Il periodo romano (1987-99) dove si è trovato a vivere in posti di responsabilità. In particolare sulla Curia e il Vaticano: «Ammette di aver trovato una situazione tutt’altro che idilliaca e innocente – racconta mons. Morellato – con persone e occasioni talvolta ambigue e guidate spesso da motivi di interesse non nobile. Si disse, addirittura, sorpreso che il papa non si rendesse conto di questi comportamenti di persone anche a lui vicine, che turbano l’ambiente. Mi parlava di questo per esprimere il suo dispiacere, e anche il suo distacco, la sua lontananza da tali comportamenti e situazioni».

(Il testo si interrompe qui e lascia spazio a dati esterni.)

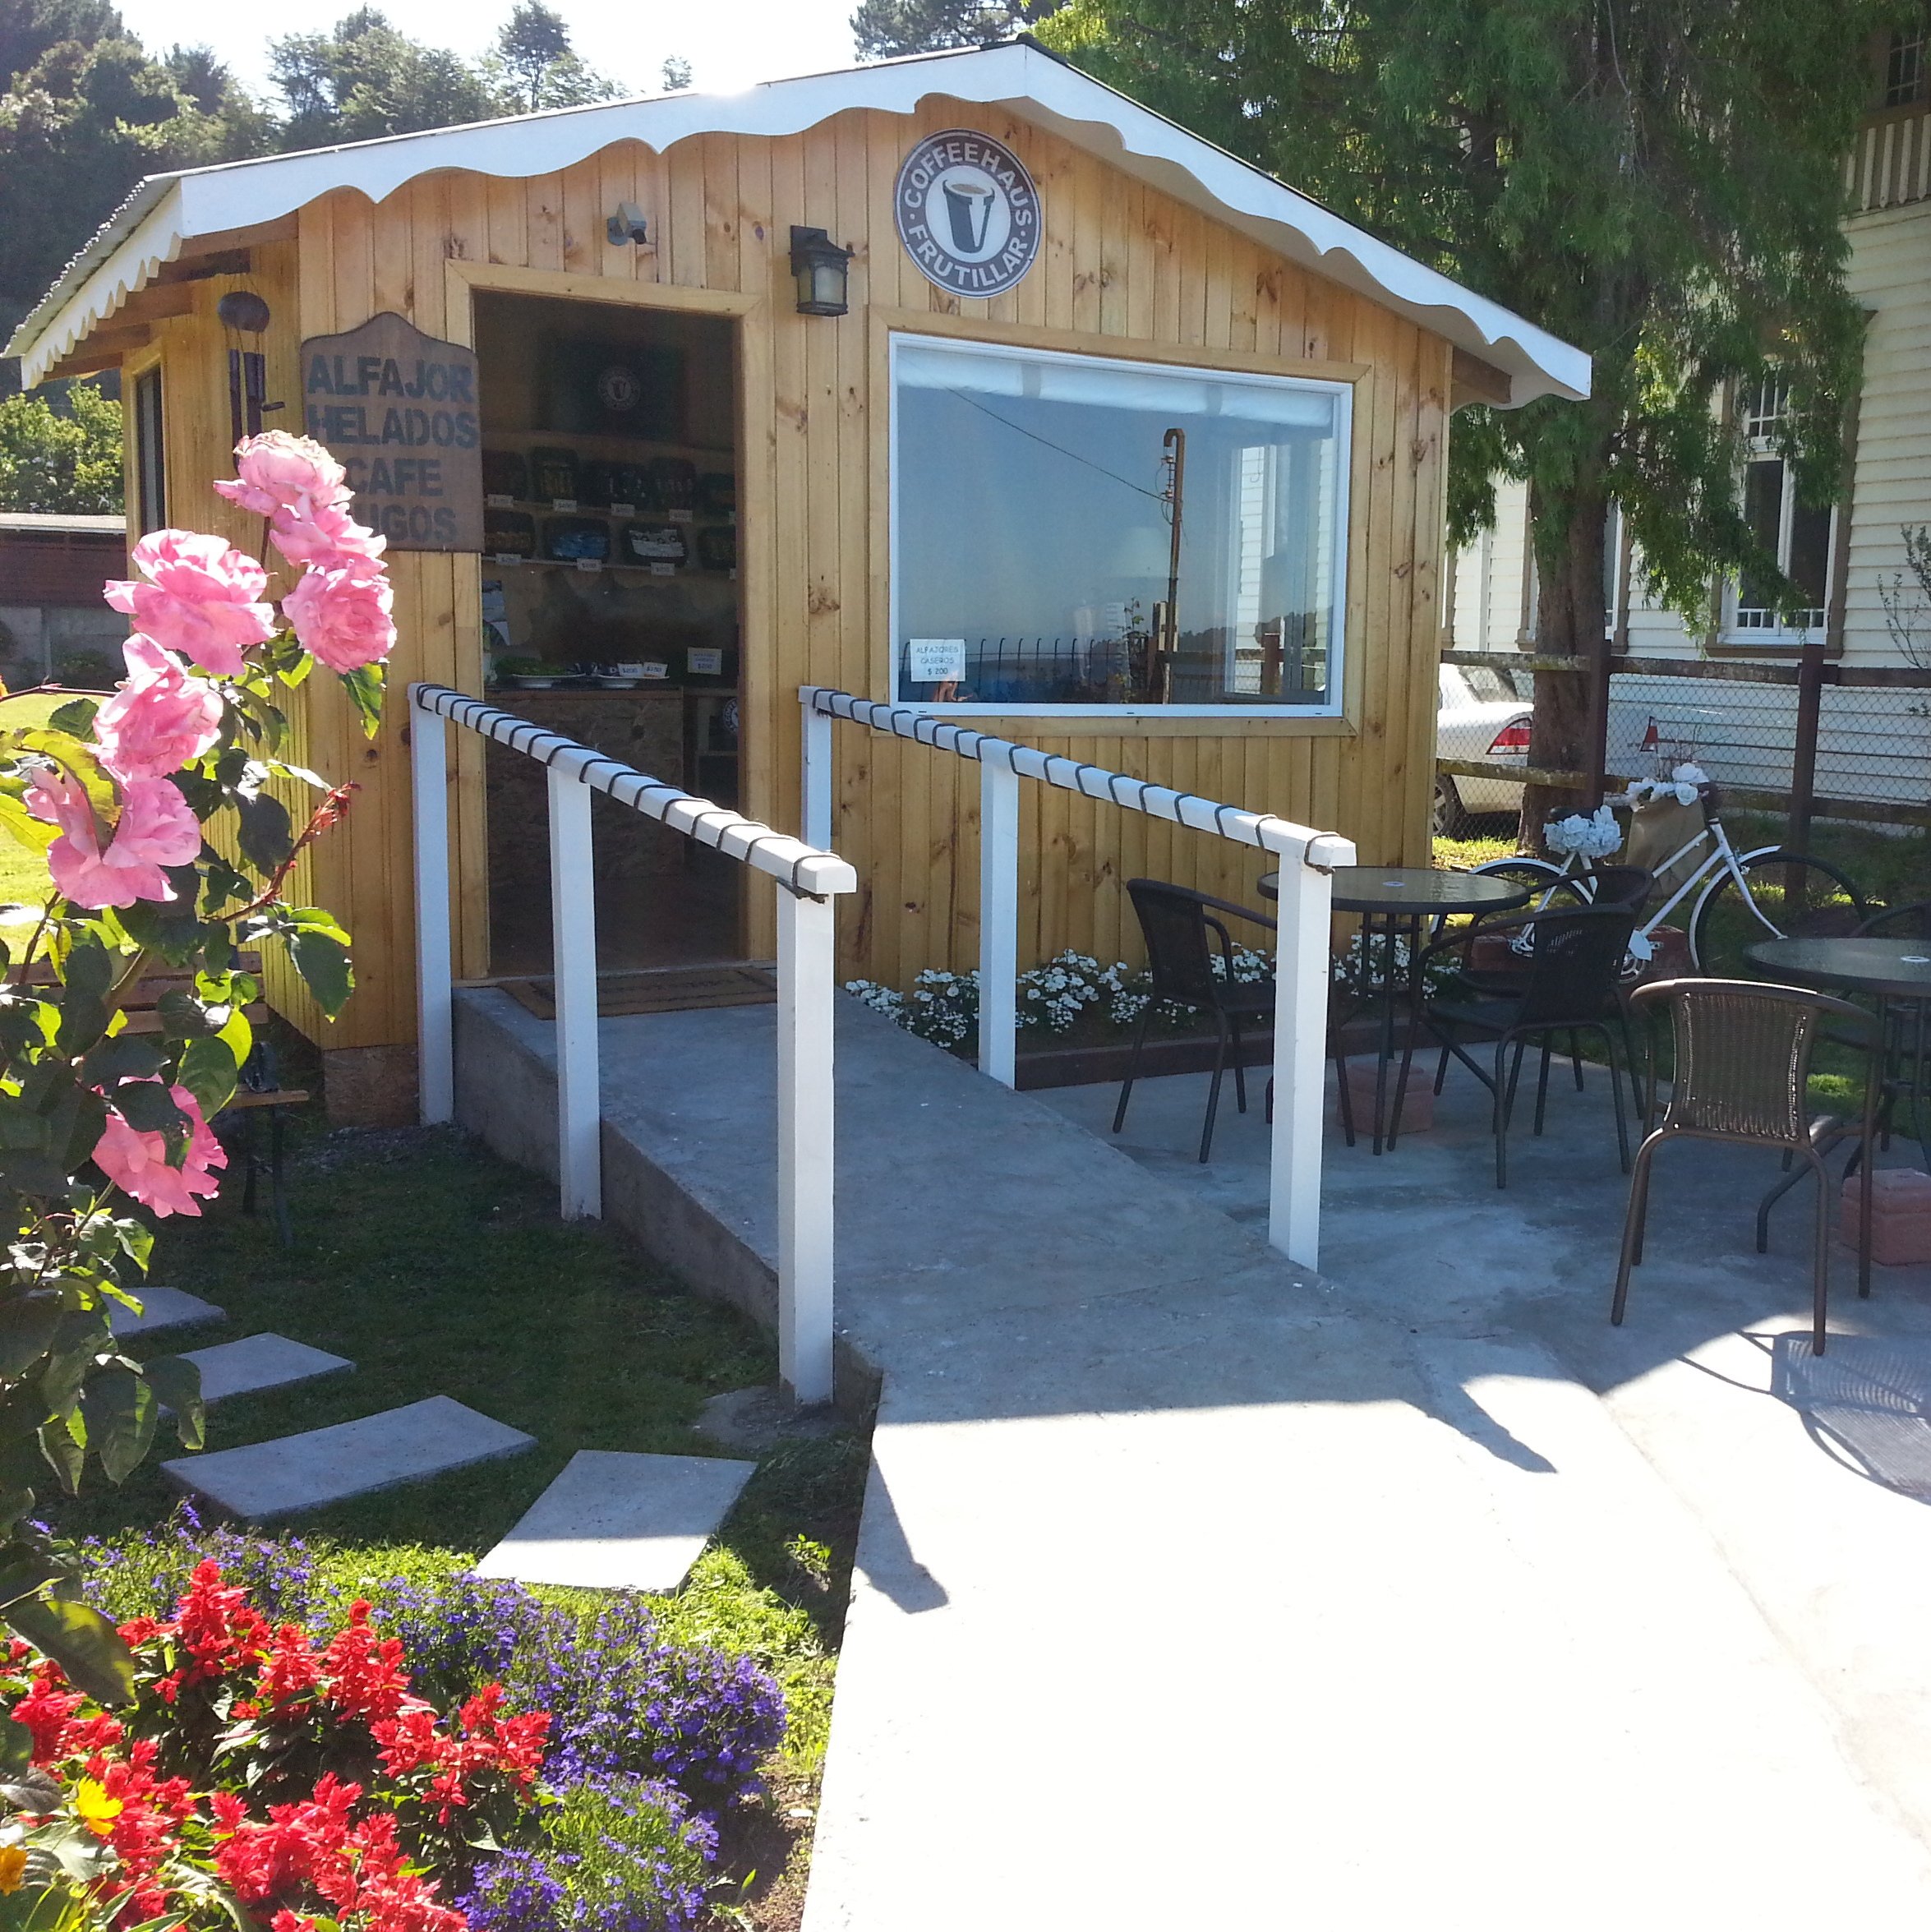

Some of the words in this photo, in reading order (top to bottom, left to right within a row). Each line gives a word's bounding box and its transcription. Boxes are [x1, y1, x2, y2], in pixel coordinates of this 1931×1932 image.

[905, 142, 1031, 227] COFFEEHAUS
[908, 224, 1027, 288] FRUTILLAR
[307, 355, 473, 403] ALFAJOR
[306, 403, 478, 449] HELADOS
[345, 456, 443, 496] CAFE

Le condizioni della sua salute.
«Una volta gli chiedo quasi brutalmente: “Ma tu, che cosa chiedi, nella tua condizione, al Signore?”. Mi risponde nettamente: “Io voglio guarire, gli domando di guarire. Io non ho rinunciato alla parrocchia. L’arciprete di Monselice sono ancora io!”. Questo atteggiamento di speranza mi ha sempre colpito, perché egli ha avuto sempre anche una precisa consapevolezza della gravità delle sue condizioni. Mi ha detto esplicitamente, una volta, ma senza tremare e senza disperazione: “So di essere un malato terminale, so che non c’è più nulla da fare, non ci sono medicine umane, eppure io chiedo al Signore di guarire”. Don Sandro non ha mai cessato di sperare in un miracolo. Conservava con sé, con fiduciosa tenerezza, una reliquia preziosa di padre Leopoldo, una sua cuffia per la notte. (…) Chiedeva la guarigione non per tornare a star bene, ma perché era appassionato del suo lavoro pastorale.
L'amministrazione del denaro in parrocchia.

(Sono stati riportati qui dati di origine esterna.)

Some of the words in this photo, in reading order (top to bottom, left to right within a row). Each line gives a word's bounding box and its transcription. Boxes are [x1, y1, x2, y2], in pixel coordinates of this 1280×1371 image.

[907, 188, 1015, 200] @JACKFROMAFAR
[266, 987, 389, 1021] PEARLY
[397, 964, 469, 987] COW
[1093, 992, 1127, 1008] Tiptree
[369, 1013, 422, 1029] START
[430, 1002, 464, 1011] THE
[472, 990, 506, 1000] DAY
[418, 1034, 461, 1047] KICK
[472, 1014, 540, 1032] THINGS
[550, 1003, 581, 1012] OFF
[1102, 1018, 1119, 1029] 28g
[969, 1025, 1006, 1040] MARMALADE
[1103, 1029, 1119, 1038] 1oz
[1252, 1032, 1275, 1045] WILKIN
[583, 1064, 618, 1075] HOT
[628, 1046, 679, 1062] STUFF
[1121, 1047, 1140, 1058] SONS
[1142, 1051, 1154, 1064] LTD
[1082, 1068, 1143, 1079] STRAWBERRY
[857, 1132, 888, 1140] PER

«Ho trovato don Sandro piuttosto contrariato dalle direttive emanate dalla Diocesi per non cadere in inganno, pur ammettendone la convenienza in certi casi. Mi parlava del suo contatto quotidiano con la gente, con i tanti casi, delicatissimi, che si presentavano, casi da custodire in segreto, casi che prevedevano una segretezza e una discrezionalità che solo il parroco può misurare e valutare, per non umiliare nessuno e per intervenire con quella tempestività che è necessaria in certe situazioni. Di certe cose è imprudente trattarne pubblicamente! Comprendevo dalle sue espressioni quanto fosse saggio, prudente e discreto, e personalissimo, il suo contatto con i poveri che passavano dalla canonica».